Исходя из собственного опыта и из наблюдений за своими учениками я заключил, что для достижения тишины необхо­димо смириться с одиночеством и принять смерть. Эти вещи тесно связаны между собой — особенно с точки зрения эго. Мы боимся остаться одни и боимся умереть, именно это и стоит между нами и тишиной.

Поэтому очень полезно осознать смерть. Помимо того что такой опыт ценен сам по себе, он помогает нам войти в царство тишины. Ведь тишина вызывает страх лишь потому, что она, подобно смерти, неведома нам. В действительности же царство тишины прекрасно и безмятежно, но ум об этом не знает. И еще полезно устроить длительный одиночный ритрит, чтобы постичь одиночество. Подружившись с одиночеством, намного проще прийти к тишине.

В связи с этим я хочу рассказать вам одну очень личную историю. Недавно после долгой болезни умер мой отец. Мы любили друг друга, и я тяжело переживал его смерть. Иногда мне казалось, что я преодолел скорбь, но потом она опять возвращалась. Я такой же человек, как все, и мне не чужда склонность отрицать, подавлять и рационализировать свои чувства.

Я отвез урну с прахом отца в Ньюберипорт, штат Масса­чусетс, где часто провожу одиночные ритриты, и высыпал его пепел в Атлантический океан (который папа очень любил) в устье реки Паркер. Затем я отправился домой. В тот день мне открылись такие глубины печали, о каких я даже и не подозревал.

До этого в моей скорби присутствовала жалость к себе, а также жалость к отцу. Я был сосредоточен на себе, и это мешало свободному течению моей печали. Но тут я ощутил, что ничто не мешает мне глубоко погрузиться в нее. В конце концов печаль прошла. Осталась лишь безграничная тишина.

В этот день я очень много узнал о том, как эго заслоняет от нас наши истинные чувства и сколь много открывается нам, когда мы отпускаем его. Еще одно название тишины — абсо­лютное присутствие, которое возможно только в случае абсо­лютного отсутствия «я».

Медитирующие часто спрашивают, что им делать, когда они наконец достигнут тишины. На практике люди ведут себя по-разному. Одни все еще боятся тишины и потому входят в нее ненадолго, чтобы сразу же вернуться. Другие пребывают в тишине, воспринимая ее как дверь к чему-то еще и ожидая каких-то дальнейших событий. Она и есть дверь в абсолютное, но если попытаться воспользоваться ею, она не откроется.

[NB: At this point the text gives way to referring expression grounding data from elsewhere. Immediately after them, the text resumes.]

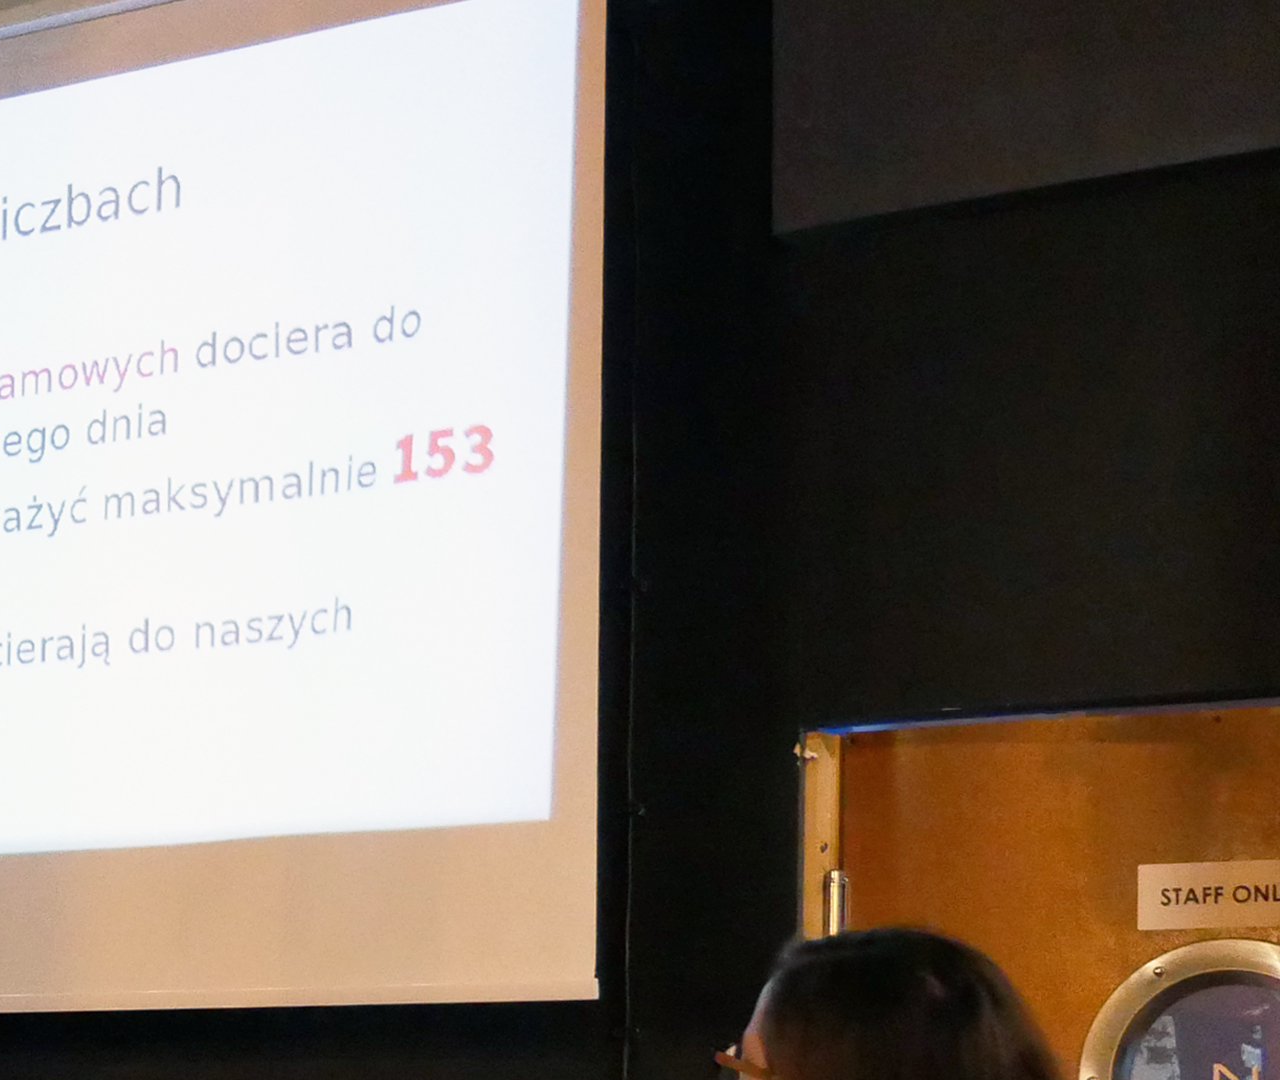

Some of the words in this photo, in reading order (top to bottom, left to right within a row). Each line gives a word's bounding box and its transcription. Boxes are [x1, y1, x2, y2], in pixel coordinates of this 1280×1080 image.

[195, 321, 353, 369] dociera
[372, 305, 422, 344] do
[86, 404, 167, 446] dnia
[104, 458, 377, 520] maksymalnie
[393, 424, 495, 484] 153
[128, 617, 175, 654] do
[195, 597, 352, 650] naszych
[1160, 886, 1224, 906] STAFF
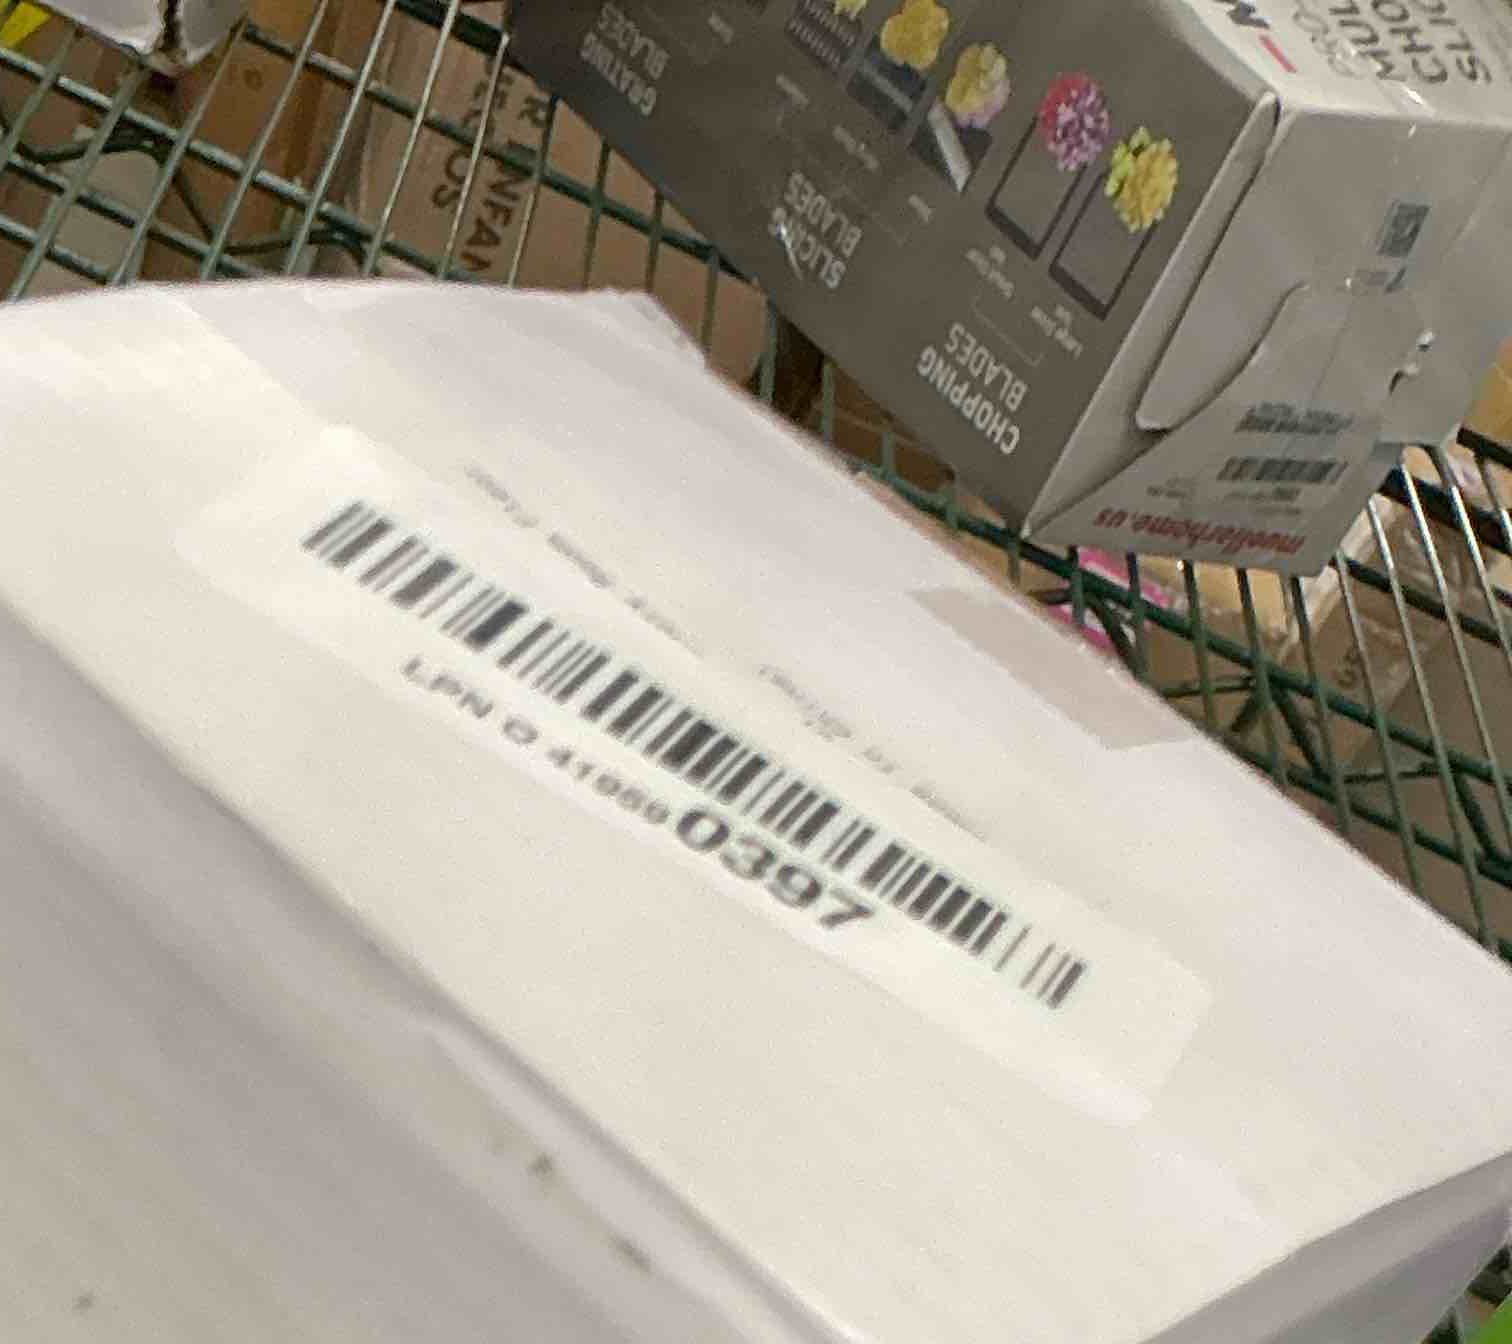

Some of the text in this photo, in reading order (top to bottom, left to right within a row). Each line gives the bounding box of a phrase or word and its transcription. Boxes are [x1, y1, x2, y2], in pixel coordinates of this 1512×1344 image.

[784, 171, 862, 258] BLADES
[917, 347, 1020, 454] CHOPPING
[945, 323, 1028, 411] BLADES
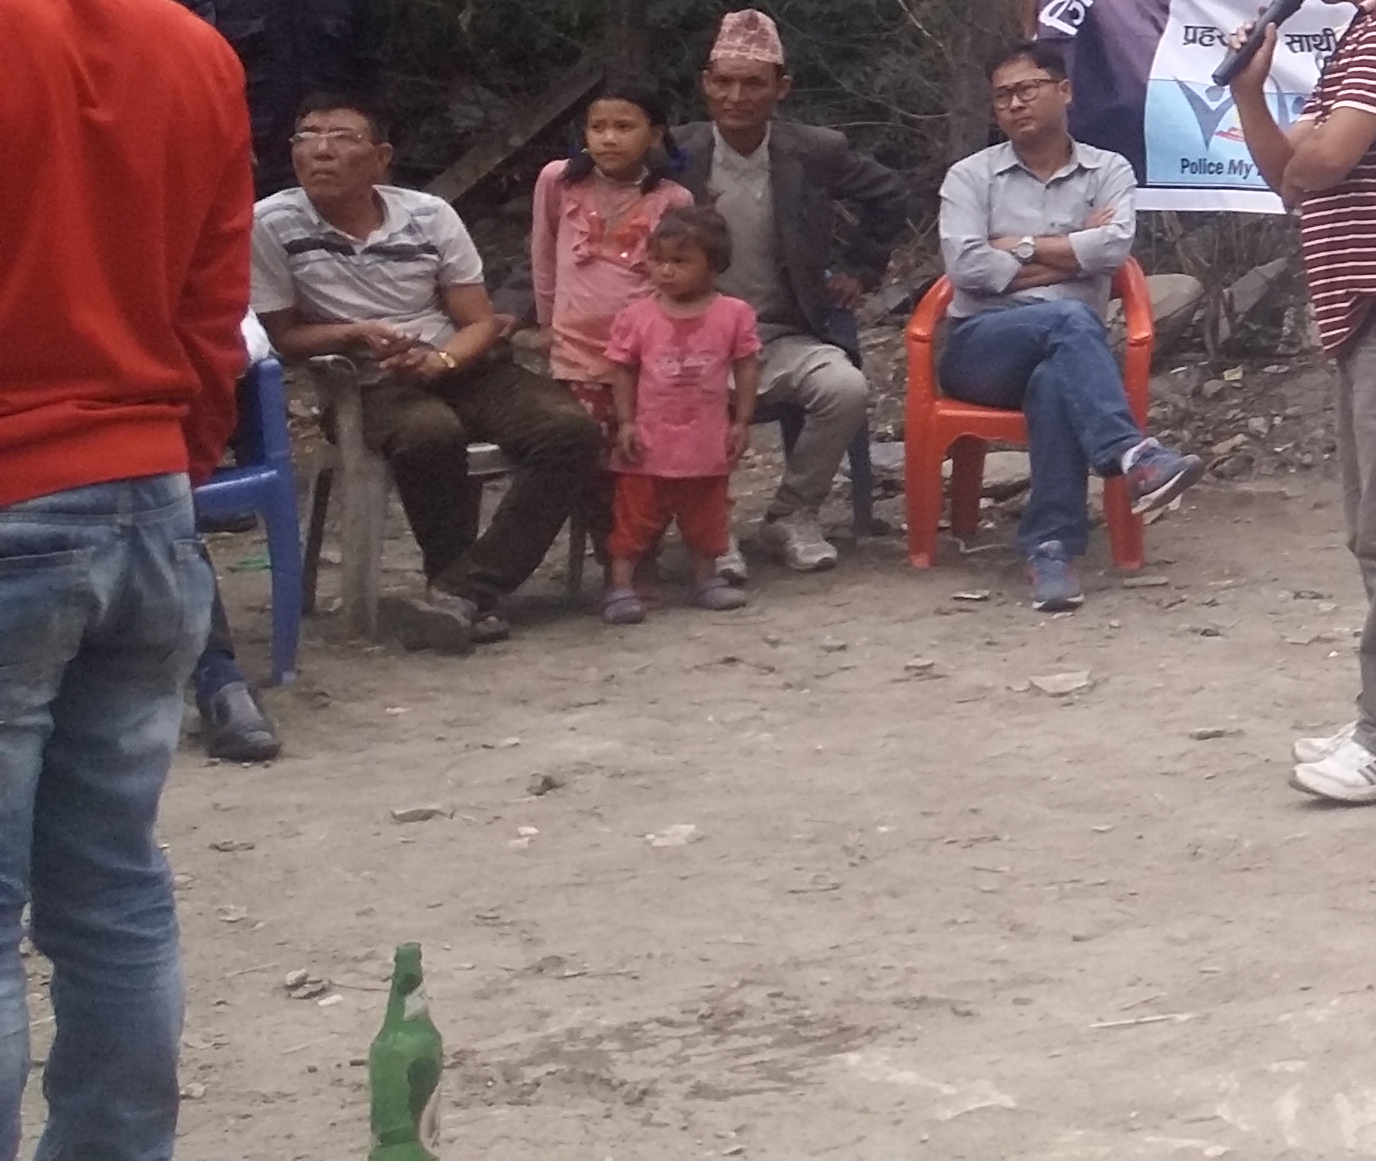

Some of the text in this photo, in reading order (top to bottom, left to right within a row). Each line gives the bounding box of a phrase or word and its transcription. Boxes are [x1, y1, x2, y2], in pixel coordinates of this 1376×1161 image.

Если слишком напряженно ожидать каких-то особых собы­тий, тишина просто распадется. Исчезает она и в том случае, если мы попытаемся превратить ее в свой личный опыт, дать ей название, взвесить, оценить, сравнить с другими пережи­ваниями, прикинуть, как мы опишем ее своим друзьям и как можно сложить о ней стихи.

А нужно просто сдаться ей. Позволить ей быть. Из моих слов вы можете заключить, что тишина подобна пустоте, пре­кращению настоящей жизни, однако такое впечатление может возникнуть у вас только из-за неадекватности используемого мною языка. Тишина есть нечто гораздо большее.

Я советую медитирующим делать при встрече с тишиной лишь одно — не делать абсолютно ничего. Купайтесь в тишине, и пусть она что-то делает с вами. Из собственного опыта вы узнаете, что слово «тишина» не очень подходит для описания ваших переживаний. Ведь в действительности это заряженное состояние, исполненное жизни. Невозможно представить себе нечто более живое. Энергия тишины тонка, чиста и несет в себе колоссальную мощь.

И еще тишина исполнена любви и сострадания. Побывав в объятиях тишины, вы возвращаетесь в мир более открытыми и мудрыми. Нет, вы не получаете никакой новой информации. Просто вы становитесь добрее, чувствительнее, сострадатель­нее. Этого не достичь специальными усилиями, но если вы любите тишину как таковую, она сама одарит вас сполна.

Тишина в действии

Вероятно, каждый человек, практикующий медитацию, в той или иной мере соприкасался с тишиной. Может быть, и вы во время сеанса медитации внезапно секунд на десять окунались в покой и безмолвие, не понимая, почему это случилось, и воз­вращались обратно обновленными и заряженными энергией. Тогда вы замечали, что мир выглядит и ощущается иначе, чем прежде, — пусть даже ненадолго. По окончании ритритов люди нередко говорят, что стали сострадательнее. Они не старались развить в себе это качество, просто так получилось.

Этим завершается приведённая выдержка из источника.